Entgegen der üblichen Praxis, veröffentlichte das Landwirtschaftsministerium den Nährstoffbericht nicht bereits im ersten Quartal dieses Jahres, sondern wird dies erst am 24. April tun.

Bereits am 28. März war Ministerin Otte-Kinast während des Plenums von grüner Seite gefragt worden, welche Zahlen ihr aktuell zu den Überschüssen von Phosphat und Stickstoff vorlägen.
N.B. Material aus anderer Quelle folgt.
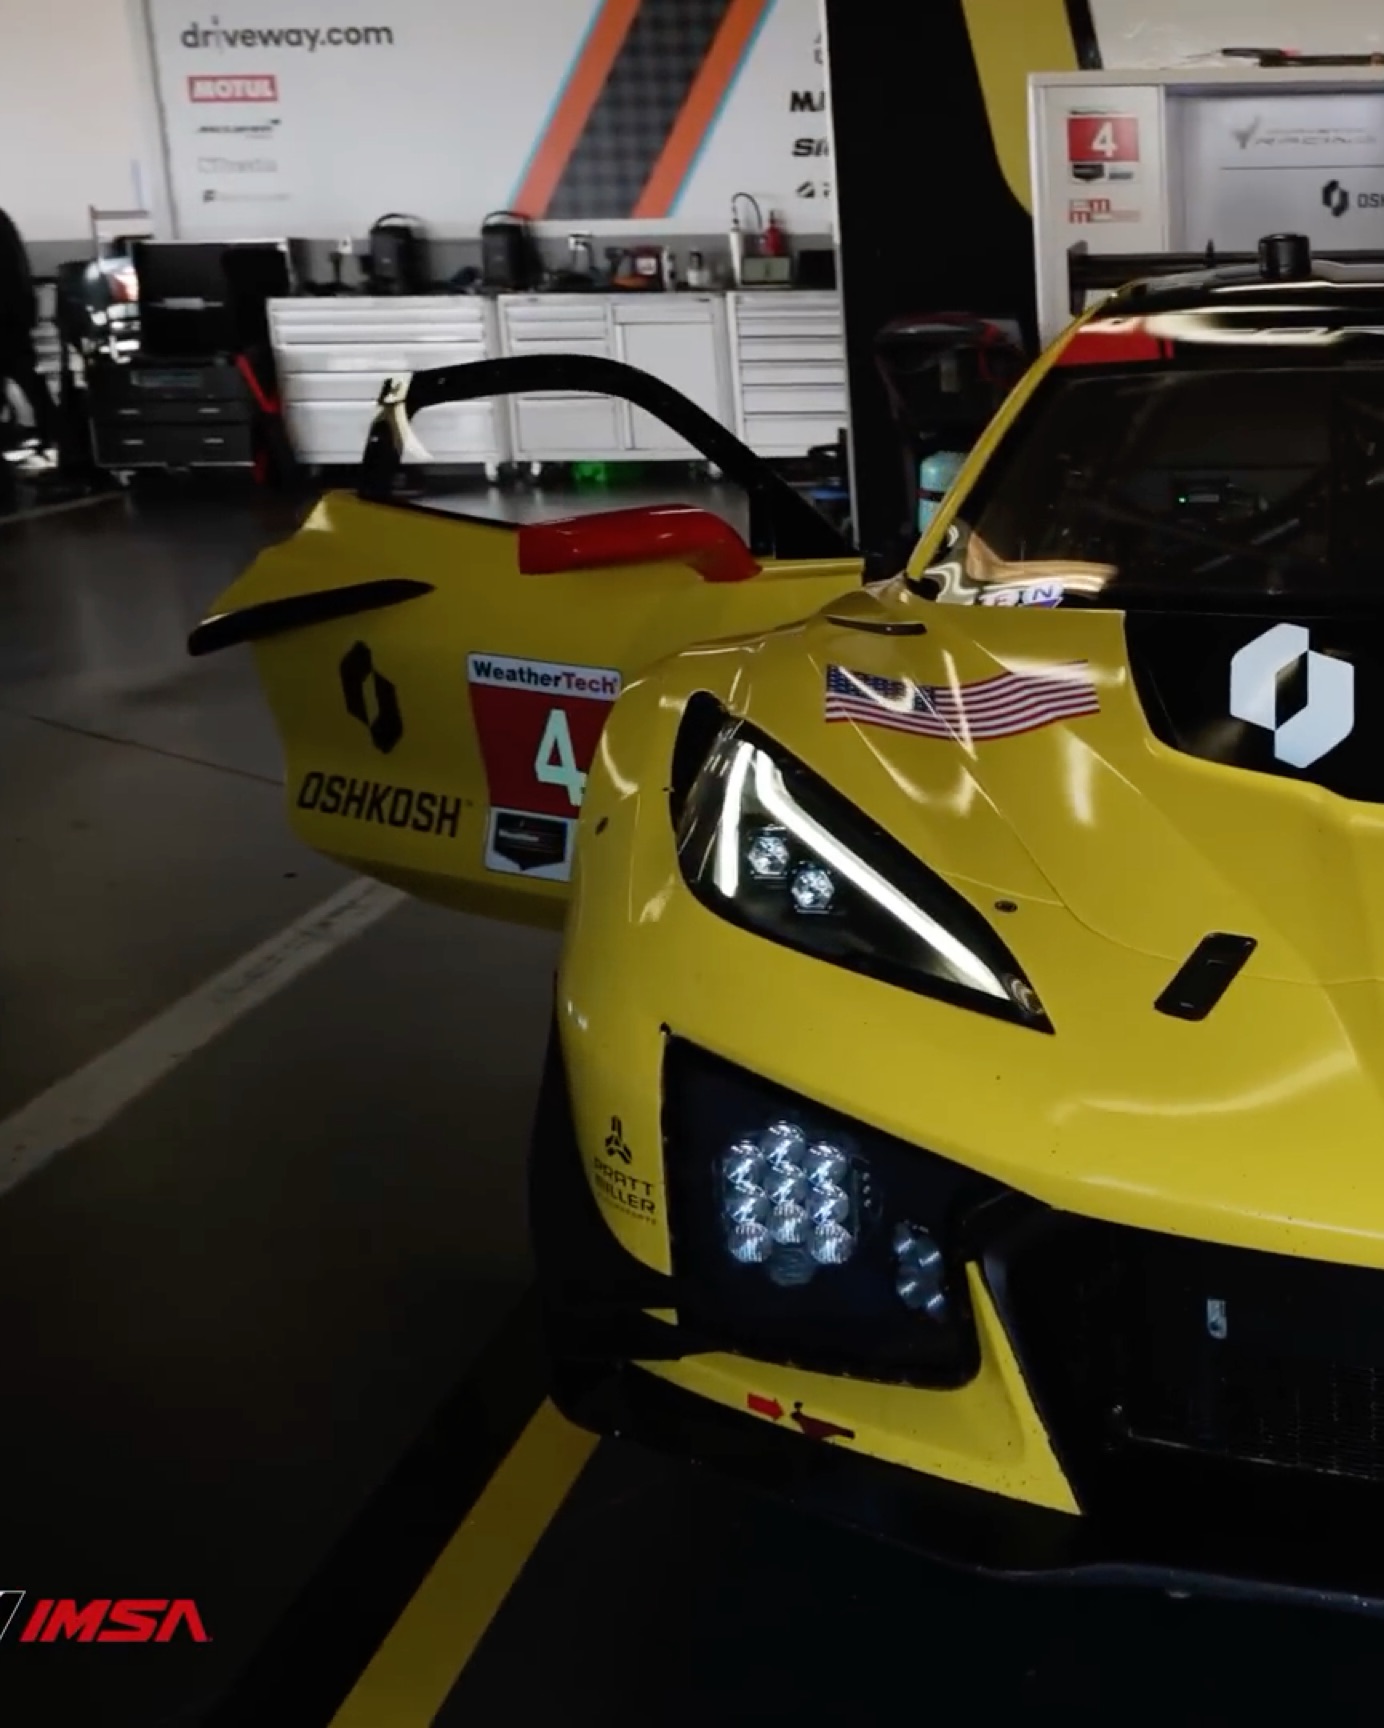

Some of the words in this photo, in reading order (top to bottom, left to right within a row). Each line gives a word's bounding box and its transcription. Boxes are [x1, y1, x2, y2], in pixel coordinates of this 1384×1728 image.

Am 10.04. legte das Ministerium offizielle Zahlen zu Stickstoffeinträgen vor, die durch die Landwirtschaftskammer bereits am 26.03. im kleinen Kreis vorgetragen wurden.

Der positiv zu bewertende Rückgang des Mineraldüngerverbrauchs um knapp 8%, ist weniger auf Verschärfungen der aktuellen Düngeverordnung zurückführen, sondern lässt sich vielmehr mit dem Dürresommer 2018 erklären. Die Grünen haben jetzt noch eine Anfrage zu den Gründen der späten Vorstellung des Nährstoffberichts und den Phosphatüberschüssen eingereicht.